La vida consagrada, especialmente la occidental, se ha fijado con gusto en la
humanidad del Señor Jesús, ha contemplado sus misterios, sus opciones y decisiones,
se ha conmovido ante sus humillaciones y dolores, se ha sumergido en sus lágrimas,
ha recorrido los pasos de su vida desde el pesebre a la pasión y la resurrección. La
Exhortación estimula este «cristocentrismo» basado en la divino-humanidad de Jesús,
un cristocentrismo cualificado por la imitación de la forma de vida de Cristo casto, pobre
y obediente.
La «devoción» a la humanidad de Jesús, con el amor y la sensibilidad de María
de Betania, con la mirada maravillada y conmovida de los santos, con el deseo ardiente
de una «adhesión configuradora» para hacerlo presente de nuevo en este mundo, es
una garantía de la autenticidad de la vida consagrada, que, de esa forma, se mantiene
lejos de las tentaciones: tanto de las de un espiritualismo evanescente, como lo sonlas
nuevas formas de religiosidad, como de las de un materialismo sin apertura a lo
trascendente, como puede inocular el clima secularista. Conviene recordar siempre
que la humanidad de Jesús es el camino a la divinización, a la introducción real en el
impenetrable mundo divino, suprema aspiración de todo ser humano.
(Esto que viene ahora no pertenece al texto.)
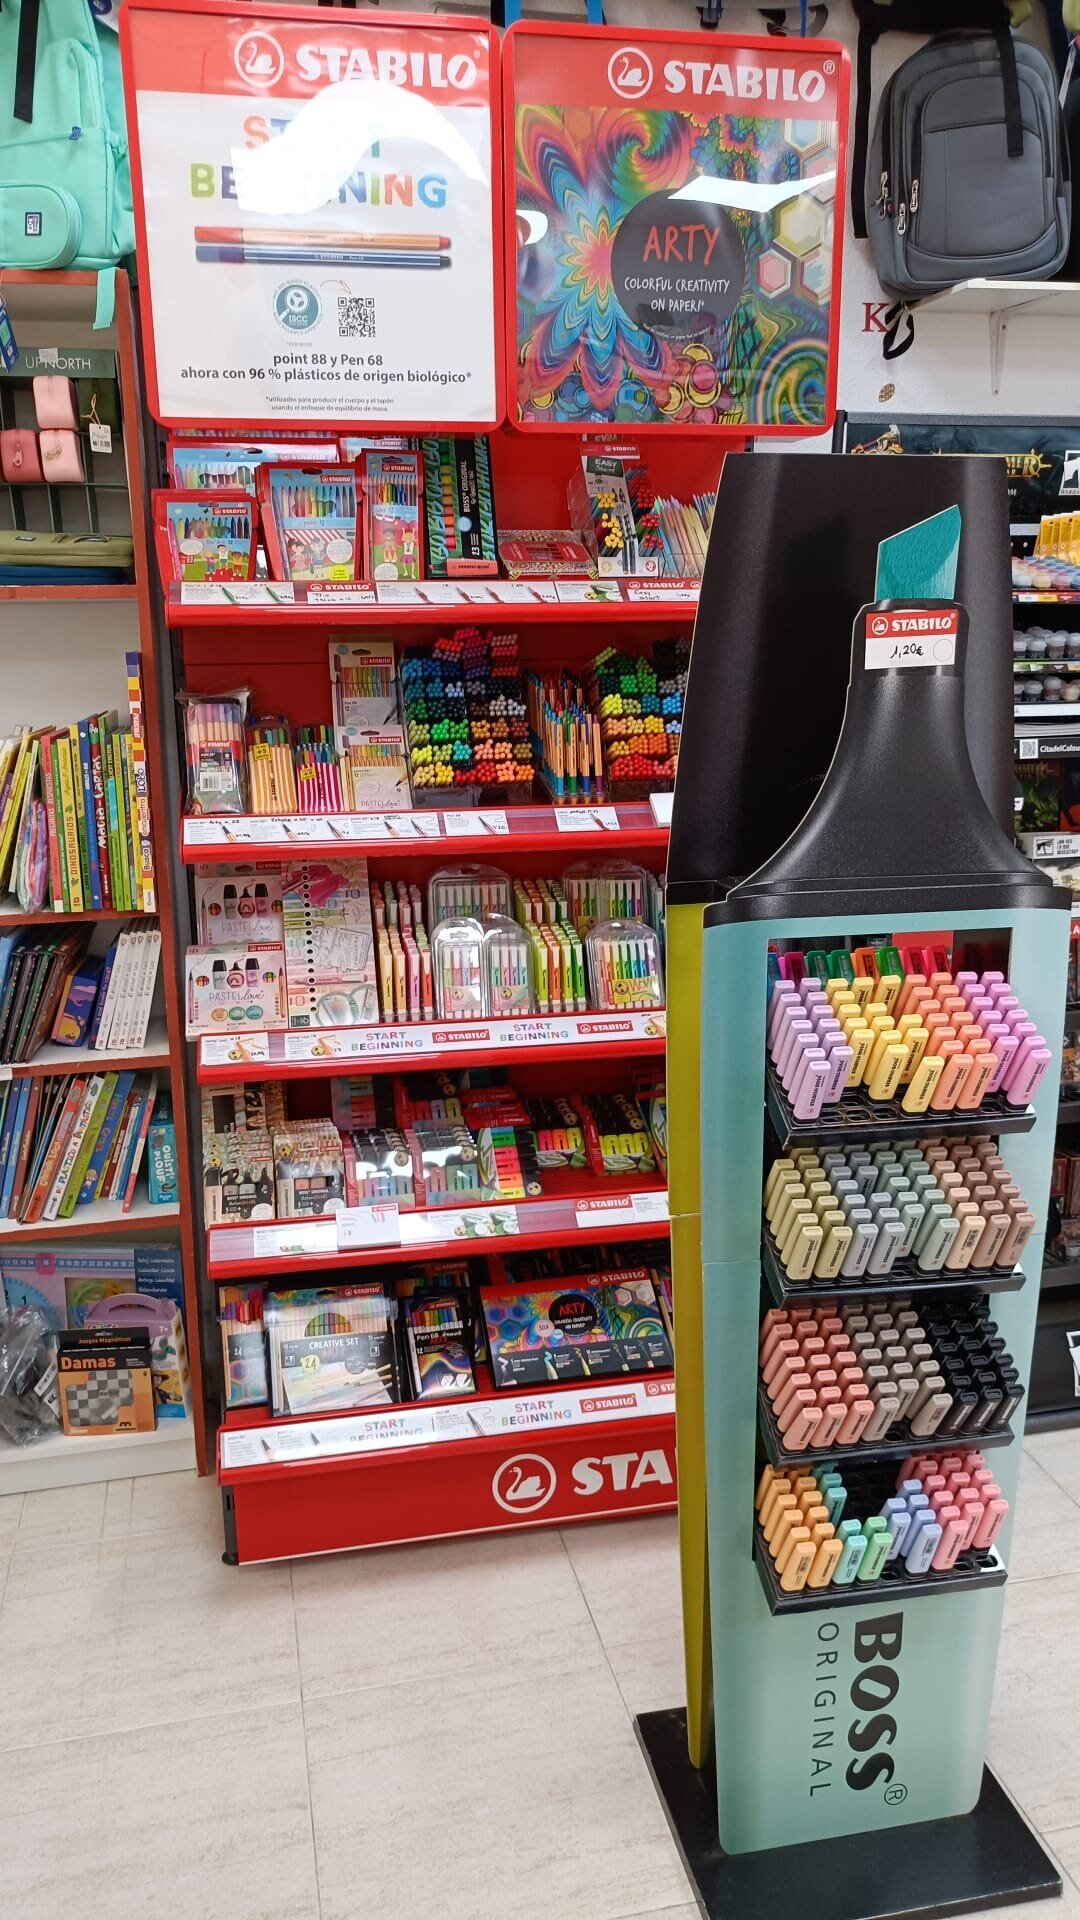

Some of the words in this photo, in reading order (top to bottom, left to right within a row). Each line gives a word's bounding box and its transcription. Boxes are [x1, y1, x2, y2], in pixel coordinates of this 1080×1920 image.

[642, 224, 720, 267] ARTY
[624, 276, 673, 292] COLORFUL
[676, 278, 730, 294] CREATIVITY
[651, 298, 666, 312] ON
[273, 353, 308, 366] point
[311, 354, 327, 365] 88
[330, 357, 337, 367] y
[340, 354, 364, 366] Pen
[367, 355, 383, 366] 68
[180, 367, 219, 379] ahora
[222, 369, 246, 379] con
[249, 368, 266, 380] 96
[268, 369, 281, 380] %
[284, 368, 341, 382] plásticos
[344, 368, 359, 381] de
[362, 370, 404, 385] origen
[66, 816, 78, 875] DINOSAURIOS
[513, 1023, 552, 1031] START
[593, 1022, 629, 1031] STABILO
[366, 1032, 406, 1041] START
[447, 1032, 487, 1041] STABILO
[500, 1031, 569, 1042] BEGINNING
[351, 1039, 423, 1051] BEGINNING
[602, 1271, 646, 1283] STABILO
[559, 1303, 586, 1316] ARTY
[309, 1339, 345, 1350] CREATIVE
[347, 1337, 359, 1346] SET
[61, 1356, 116, 1370] Damas
[515, 1400, 554, 1411] START
[594, 1397, 635, 1409] STABILO
[364, 1418, 406, 1431] START
[502, 1410, 572, 1426] BEGINNING
[810, 1622, 840, 1798] ORIGINAL
b) El cuerpo místico que es la Iglesia


No se puede amar a Cristo si no se ama su cuerpo, que es la Iglesia. Esta Iglesia
concreta, este pueblo santo y pecador, regido por estos pastores, esta Iglesia con sus
virtudes y defectos. La Exhortación evoca el amor de los fundadores «por el señor
Papa», por el «dulce Cristo en la tierra». Recuerda su empeño por «sentir con la
Iglesia», por considerarse «hijos de la Iglesia». Recuerda también el estrecho vínculo
con Pedro y con su ministerio de unidad. Es necesario reconocer que necesitamos
asegurar y reforzar este amor.
Venimos, en efecto, de unos años turbulentos y difíciles; de períodos de cambios
promovidos por las bases que no siempre se sentían comprendidas por el vértice; de
un debilitamiento de la visión mistérica de la Iglesia debido, entre otras cosas, a una
excesiva presentación de la dimensión sociológica y a visiones individualistas que
prevalecían por encima de las visiones solidarias orientadas al bien común; y también,
es bueno decirlo, de una perspectiva de fe bastante disminuida.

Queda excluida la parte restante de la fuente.